> **What needs to be done**: Every entry below has to appear again in your reply, word for word, but no picture may.

(Records from a collection)
++++++++++++++++++++

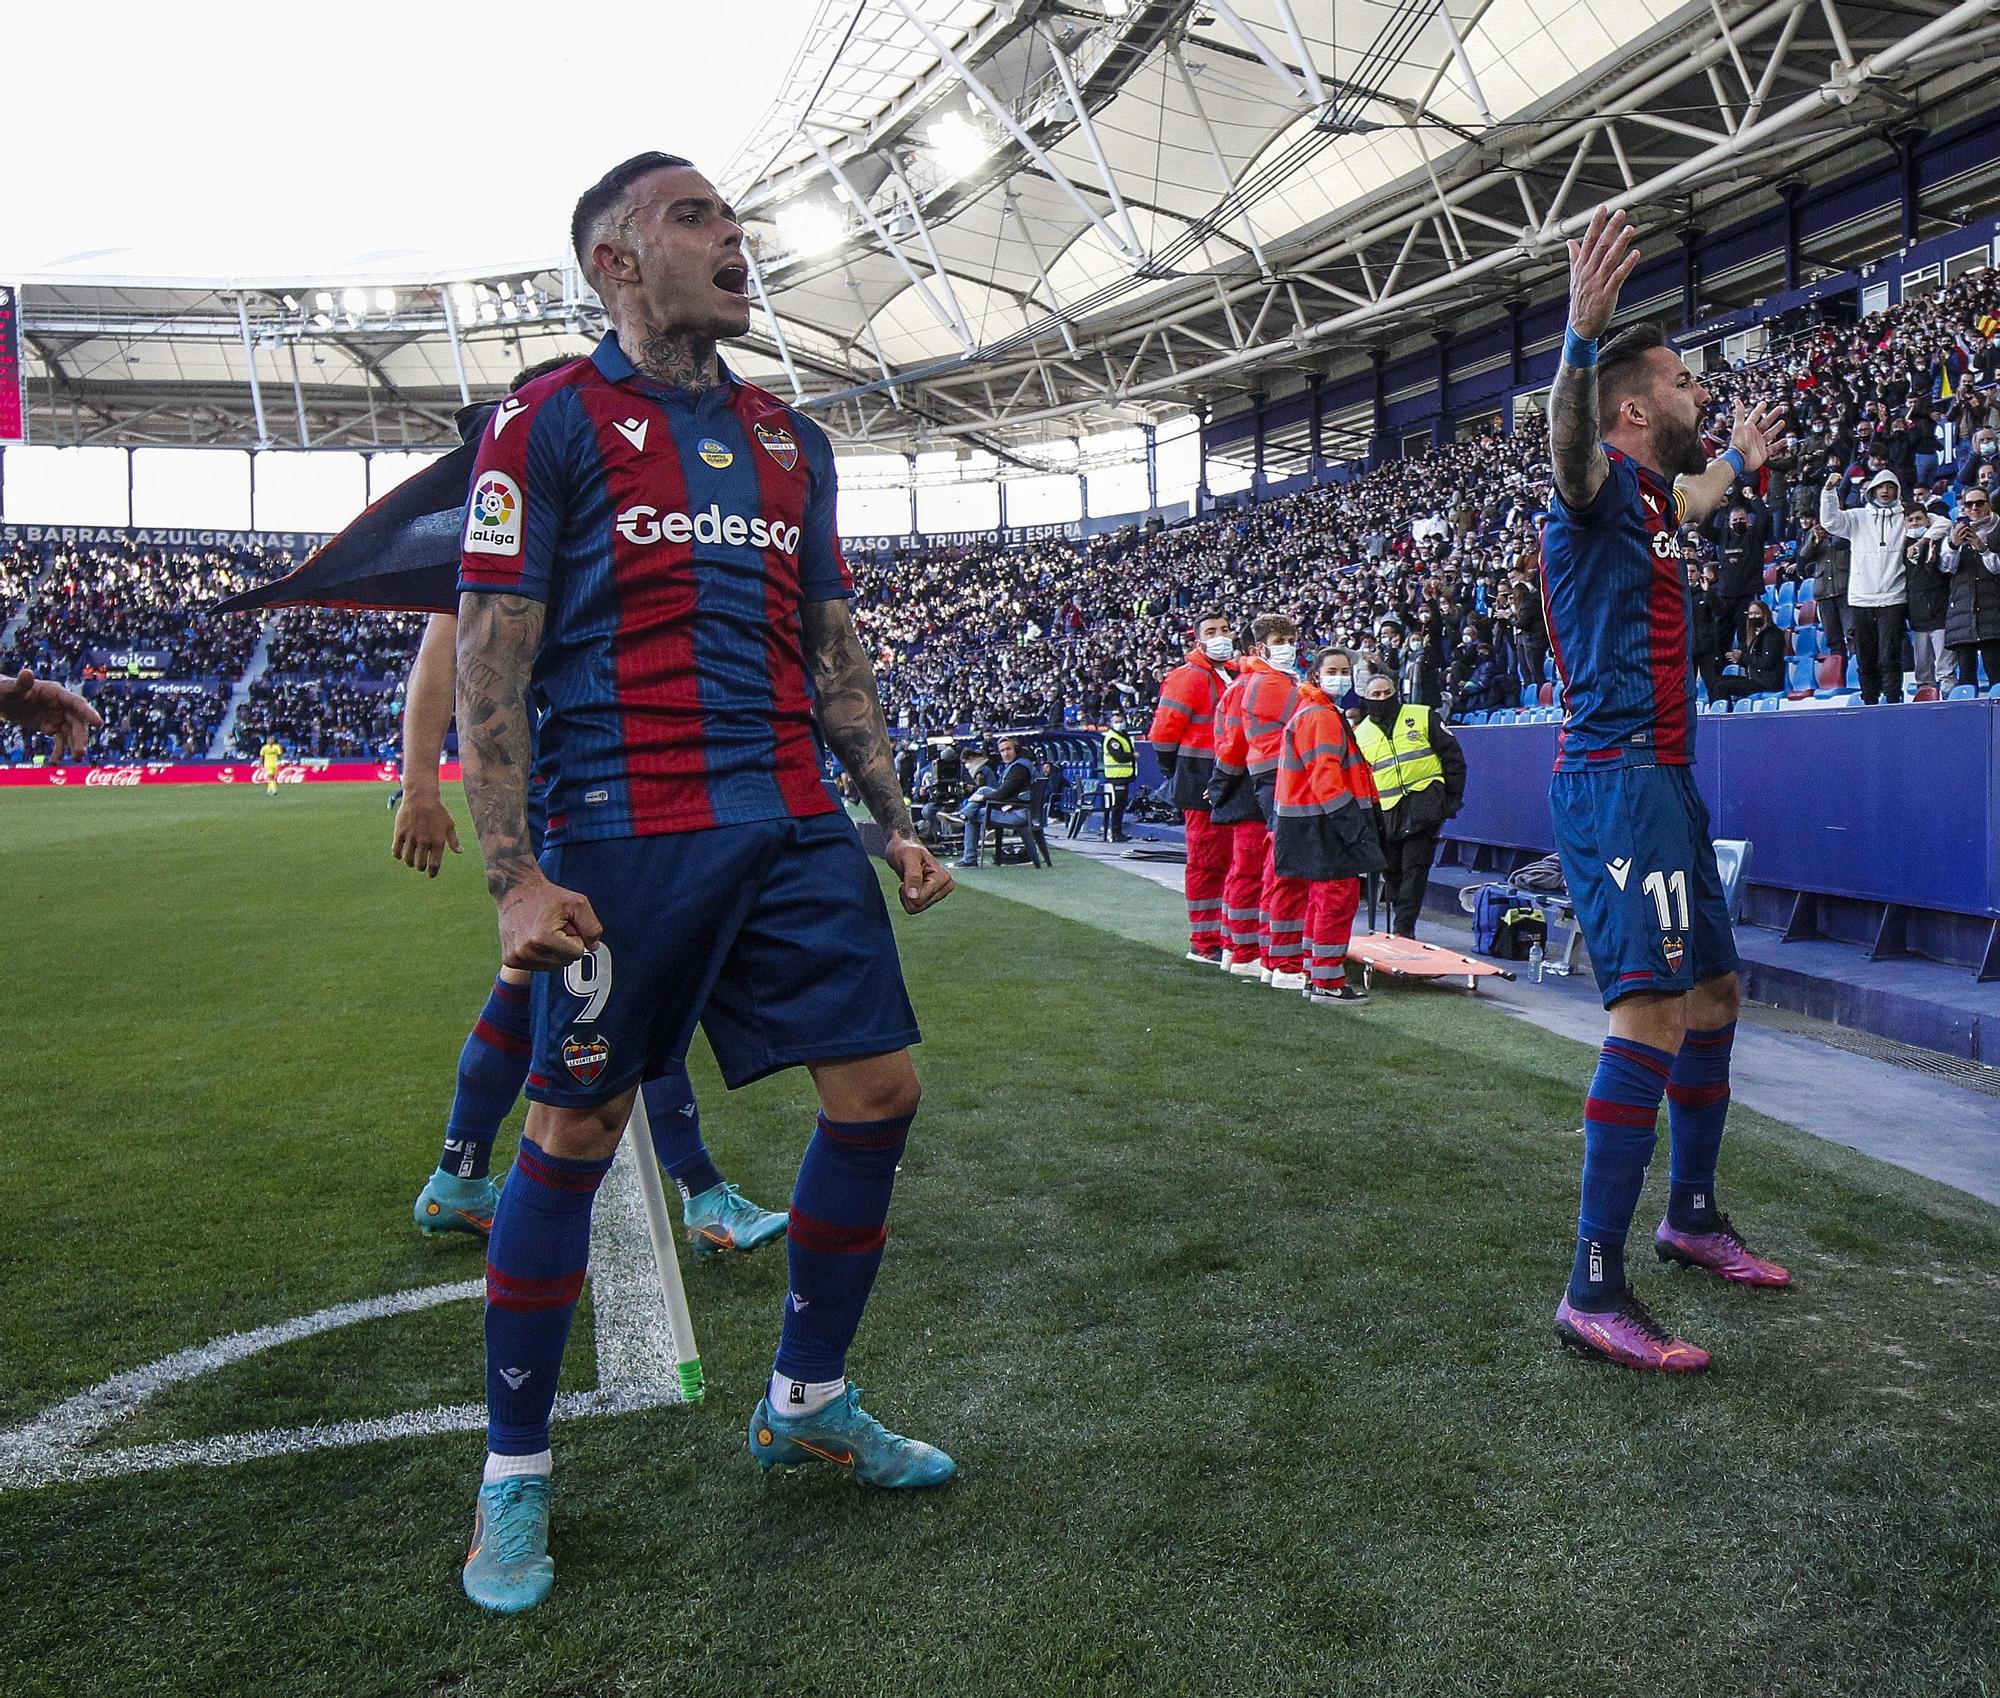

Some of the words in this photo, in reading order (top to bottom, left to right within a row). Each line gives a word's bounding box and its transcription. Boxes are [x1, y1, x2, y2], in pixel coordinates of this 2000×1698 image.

[27, 527, 125, 543] BARRAS
[135, 529, 294, 548] AZULGRANAS
[616, 504, 800, 554] Gedesco
[841, 537, 890, 551] PASO
[900, 535, 920, 550] EL
[925, 531, 998, 549] TRIUNFO
[1002, 528, 1021, 543] TE
[1026, 522, 1082, 542] ESPERA
[109, 653, 156, 667] teika
[1642, 870, 1690, 931] 11
[563, 940, 613, 1023] 9

++++++++++++++++++++

> **Completed exercise**:
Some of the words in this photo, in reading order (top to bottom, left to right within a row). Each line gives a word's bounding box and its transcription. Boxes are [x1, y1, x2, y2], in pixel coordinates of this 2000×1698 image.

[27, 527, 125, 543] BARRAS
[135, 529, 294, 548] AZULGRANAS
[616, 504, 800, 554] Gedesco
[841, 537, 890, 551] PASO
[900, 535, 920, 550] EL
[925, 531, 998, 549] TRIUNFO
[1002, 528, 1021, 543] TE
[1026, 522, 1082, 542] ESPERA
[109, 653, 156, 667] teika
[1642, 870, 1690, 931] 11
[563, 940, 613, 1023] 9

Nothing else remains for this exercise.